**TO DO**: Every entry below should be printed exactly.

**DATA**:
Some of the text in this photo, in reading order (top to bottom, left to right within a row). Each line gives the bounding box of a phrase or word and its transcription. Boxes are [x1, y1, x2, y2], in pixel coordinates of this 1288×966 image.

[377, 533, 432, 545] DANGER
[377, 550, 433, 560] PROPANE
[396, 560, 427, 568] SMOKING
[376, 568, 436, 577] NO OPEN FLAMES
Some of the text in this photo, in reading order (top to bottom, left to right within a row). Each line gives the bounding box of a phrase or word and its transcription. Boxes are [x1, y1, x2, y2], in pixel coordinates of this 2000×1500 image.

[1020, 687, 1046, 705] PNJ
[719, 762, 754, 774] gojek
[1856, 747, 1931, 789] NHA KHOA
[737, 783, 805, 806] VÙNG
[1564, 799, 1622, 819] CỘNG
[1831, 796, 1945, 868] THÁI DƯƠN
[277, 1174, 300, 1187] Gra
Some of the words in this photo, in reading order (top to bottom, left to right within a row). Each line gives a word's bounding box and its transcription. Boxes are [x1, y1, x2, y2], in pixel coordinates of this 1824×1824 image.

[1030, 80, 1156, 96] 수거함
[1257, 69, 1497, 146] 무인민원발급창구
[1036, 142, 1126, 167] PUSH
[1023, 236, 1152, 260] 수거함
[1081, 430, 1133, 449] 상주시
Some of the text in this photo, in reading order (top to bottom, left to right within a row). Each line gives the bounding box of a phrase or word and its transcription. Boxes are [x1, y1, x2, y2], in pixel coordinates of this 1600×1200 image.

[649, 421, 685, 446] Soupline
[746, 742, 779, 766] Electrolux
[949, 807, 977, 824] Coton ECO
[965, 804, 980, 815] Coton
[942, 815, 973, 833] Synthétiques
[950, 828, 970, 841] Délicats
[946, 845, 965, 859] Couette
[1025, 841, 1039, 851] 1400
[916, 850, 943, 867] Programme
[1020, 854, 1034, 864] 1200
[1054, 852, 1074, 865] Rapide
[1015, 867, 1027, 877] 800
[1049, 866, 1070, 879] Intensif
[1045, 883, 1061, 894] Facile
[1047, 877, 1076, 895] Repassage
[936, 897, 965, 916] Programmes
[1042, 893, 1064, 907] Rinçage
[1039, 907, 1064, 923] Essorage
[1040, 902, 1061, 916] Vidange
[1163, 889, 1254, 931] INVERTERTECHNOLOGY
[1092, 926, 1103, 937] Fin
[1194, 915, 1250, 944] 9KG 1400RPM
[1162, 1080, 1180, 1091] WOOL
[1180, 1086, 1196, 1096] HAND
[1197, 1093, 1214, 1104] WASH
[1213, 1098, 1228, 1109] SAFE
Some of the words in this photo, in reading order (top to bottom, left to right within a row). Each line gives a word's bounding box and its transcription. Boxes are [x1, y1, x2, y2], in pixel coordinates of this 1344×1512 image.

**ANSWER AREA**:
Some of the text in this photo, in reading order (top to bottom, left to right within a row). Each line gives the bounding box of a phrase or word and its transcription. Boxes are [x1, y1, x2, y2], in pixel coordinates of this 1288×966 image.

[377, 533, 432, 545] DANGER
[377, 550, 433, 560] PROPANE
[396, 560, 427, 568] SMOKING
[376, 568, 436, 577] NO OPEN FLAMES
Some of the text in this photo, in reading order (top to bottom, left to right within a row). Each line gives the bounding box of a phrase or word and its transcription. Boxes are [x1, y1, x2, y2], in pixel coordinates of this 2000×1500 image.

[1020, 687, 1046, 705] PNJ
[719, 762, 754, 774] gojek
[1856, 747, 1931, 789] NHA KHOA
[737, 783, 805, 806] VÙNG
[1564, 799, 1622, 819] CỘNG
[1831, 796, 1945, 868] THÁI DƯƠN
[277, 1174, 300, 1187] Gra
Some of the words in this photo, in reading order (top to bottom, left to right within a row). Each line gives a word's bounding box and its transcription. Boxes are [x1, y1, x2, y2], in pixel coordinates of this 1824×1824 image.

[1030, 80, 1156, 96] 수거함
[1257, 69, 1497, 146] 무인민원발급창구
[1036, 142, 1126, 167] PUSH
[1023, 236, 1152, 260] 수거함
[1081, 430, 1133, 449] 상주시
Some of the text in this photo, in reading order (top to bottom, left to right within a row). Each line gives the bounding box of a phrase or word and its transcription. Boxes are [x1, y1, x2, y2], in pixel coordinates of this 1600×1200 image.

[649, 421, 685, 446] Soupline
[746, 742, 779, 766] Electrolux
[949, 807, 977, 824] Coton ECO
[965, 804, 980, 815] Coton
[942, 815, 973, 833] Synthétiques
[950, 828, 970, 841] Délicats
[946, 845, 965, 859] Couette
[1025, 841, 1039, 851] 1400
[916, 850, 943, 867] Programme
[1020, 854, 1034, 864] 1200
[1054, 852, 1074, 865] Rapide
[1015, 867, 1027, 877] 800
[1049, 866, 1070, 879] Intensif
[1045, 883, 1061, 894] Facile
[1047, 877, 1076, 895] Repassage
[936, 897, 965, 916] Programmes
[1042, 893, 1064, 907] Rinçage
[1039, 907, 1064, 923] Essorage
[1040, 902, 1061, 916] Vidange
[1163, 889, 1254, 931] INVERTERTECHNOLOGY
[1092, 926, 1103, 937] Fin
[1194, 915, 1250, 944] 9KG 1400RPM
[1162, 1080, 1180, 1091] WOOL
[1180, 1086, 1196, 1096] HAND
[1197, 1093, 1214, 1104] WASH
[1213, 1098, 1228, 1109] SAFE
Some of the words in this photo, in reading order (top to bottom, left to right within a row). Each line gives a word's bounding box and its transcription. Boxes are [x1, y1, x2, y2], in pixel coordinates of this 1344×1512 image.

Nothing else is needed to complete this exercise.